Excesso de suco pode levar a anemia e malnutrição (com excesso de açúcares e falta de outros nutrientes, como proteínas, carboidratos e vitaminas). Nessa situação imagine aquele bebê que se adapta perfeitamente ao suco, e acaba ficando “preguiçoso” para mastigar e comer outro alimento sólido, substituindo suco pelas refeições do dia. Nesse caso, o bebê pode ter dificuldade de ganhar peso, e ter falta de vários nutrientes importantes.

O excesso de suco pode danificar o esmalte do dente, levando a cárie dentária, principalmente quando oferecida na mamadeira.

2 - Não dar açúcar ou alimentos com açúcar antes dos 2 anos de idade.

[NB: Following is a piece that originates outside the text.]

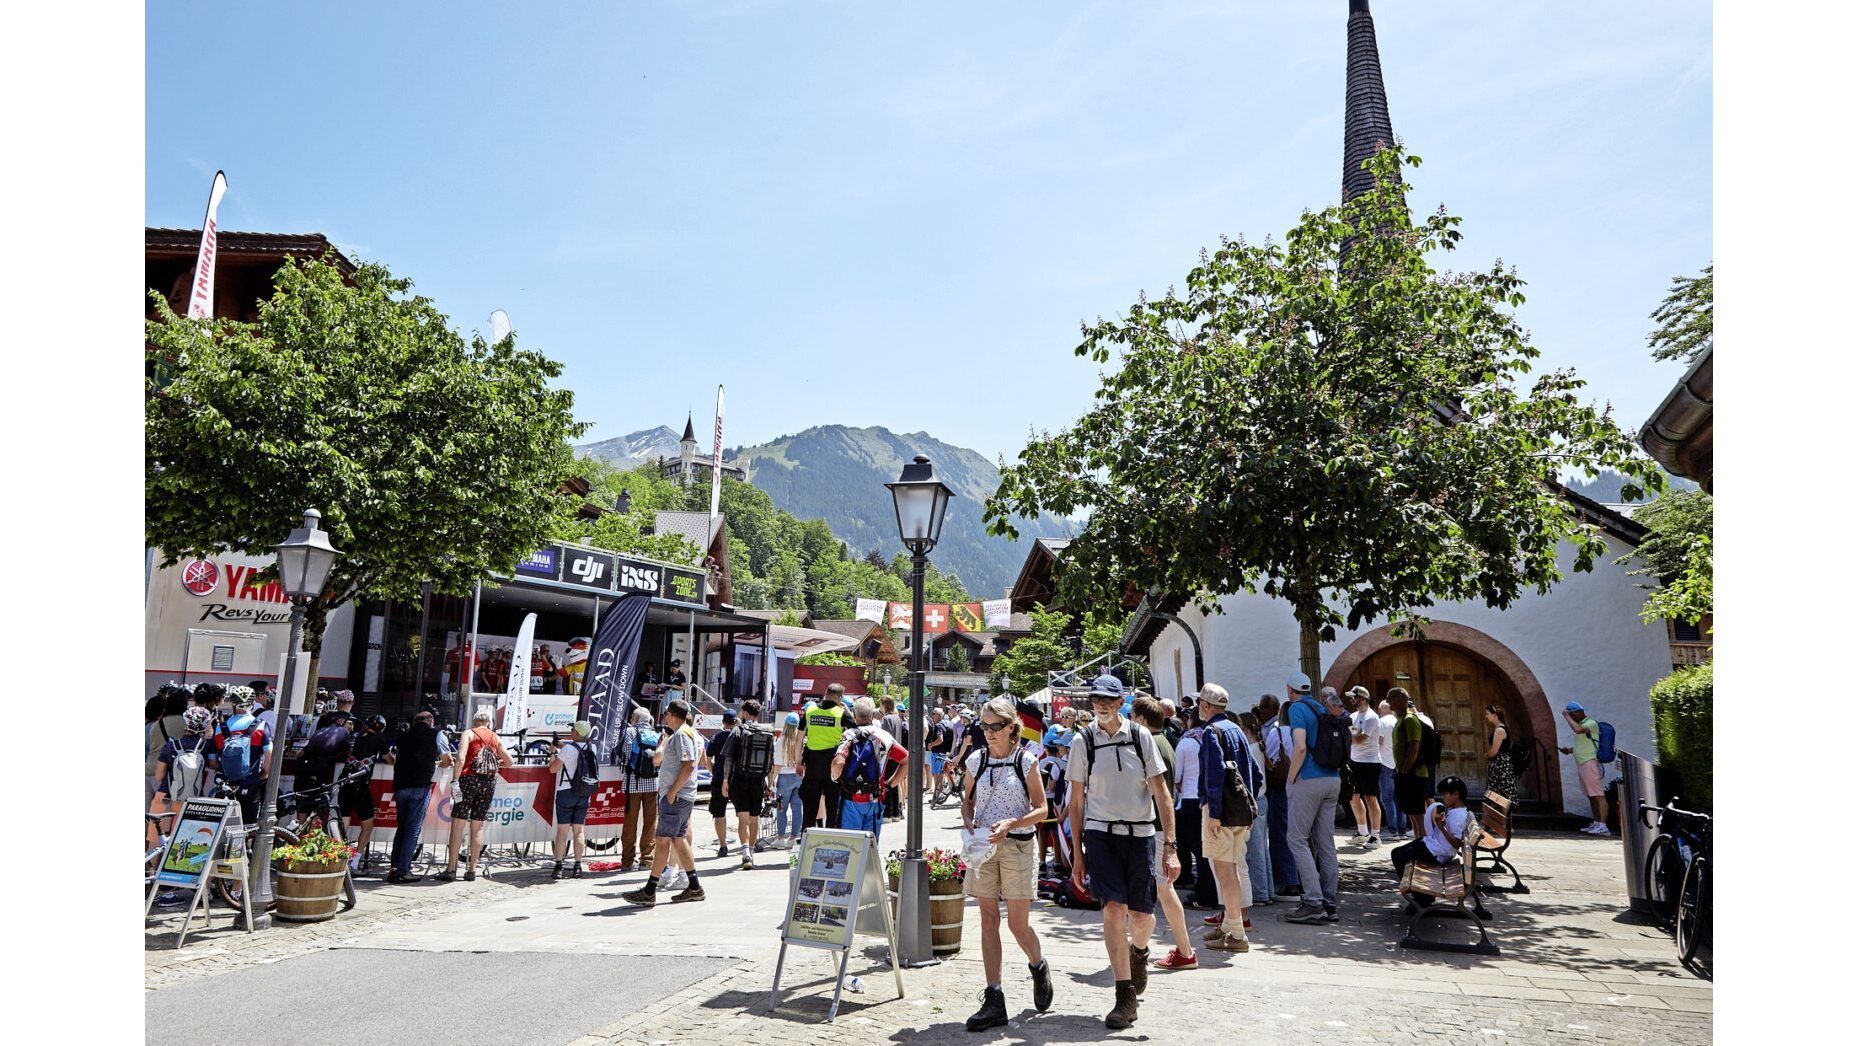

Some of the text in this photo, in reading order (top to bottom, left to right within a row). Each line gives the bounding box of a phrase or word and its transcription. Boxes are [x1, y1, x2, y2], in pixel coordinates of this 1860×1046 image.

Nos dois primeiros anos de vida, frutas e bebidas não devem ser adoçadas com nenhum tipo de açúcar: branco, mascavo, cristal, demerara, açúcar de coco, xarope de milho, mel, melado ou rapadura. Também não devem ser oferecidas preparações que tenham açúcar como ingrediente, como bolos, biscoitos, doces, geléias. 
O consumo precoce de açúcar aumenta a chance de ganho de peso excessivo na infância e consequentemente o desenvolvimento de obesidade na fase adulta. Além disso o açúcar pode provocar placa bacteriana nos dentes e cárie. Como a criança já tem preferência pelo sabor doce desde o nascimento, se ela for acostumada com preparações açucaradas, poderá ter dificuldades em aceitar vegetais, legumes e outros alimentos saudáveis. Essa é a recomendação do Ministério da Saúde (2019) através do Guia Alimentar para Crianças Menores de 2 anos, disponibilizado gratuitamente na internet.

3 - Não dar Leite de vaca integral (LVI) antes de 1 ano. Nem em preparações. Inúmeros são os fatores:

  • LVI associado ao aparecimento da anemia ferropriva (anemia por deficiência de ferro). Além do baixo teor, o ferro do leite de vaca não é bem absorvido pelo organismo de lactente. Outro fator agravante que contribui o aumento do risco de deficiência de ferro e anemia no 1º ano de vida é o fato de que o consumo de leite de vaca está associado à perda de sangue pelas fezes de uma maneira despercebida pelas mães e cuidadores. Tal evento cessa após a criança completar 1 ano, idade esta em que o trato gastrointestinal já está mais desenvolvido.
  • A ingestão de LVI antes de ano, tem sido relacionado a uma predisposição ao aparecimento da alergia a proteína do leite de vaca, uma condição que afeta de 0,4% a 7,5% das crianças de 0 a 2 ano de idade. Além disso, a exposição precoce da criança ao LVI aumenta o risco não somente de reações adversas a este leite, como também de alergias a outros alimentos.
  • Risco de desenvolver uma sobrecarga renal. Apesar das funções metabólicas e excretoras do lactente normal acima de 6 meses de idade estarem mais maduras e, na maioria das vezes, suportarem bem essa sobrecarga, a margem de segurança continua sendo maior quando o alimento é o leite materno ou algum fórmula modificada.
  • Risco de deficiência de cobre, zinco, vitamina A, C, E e ácido fólico e gorduras essenciais (ômega 3 e ômega 6) principalmente quando se utiliza o LVI muito diluído, prática geralmente observada. A deficiência de algumas vitaminas pode ser ainda agravada pelo processamento térmico do leite.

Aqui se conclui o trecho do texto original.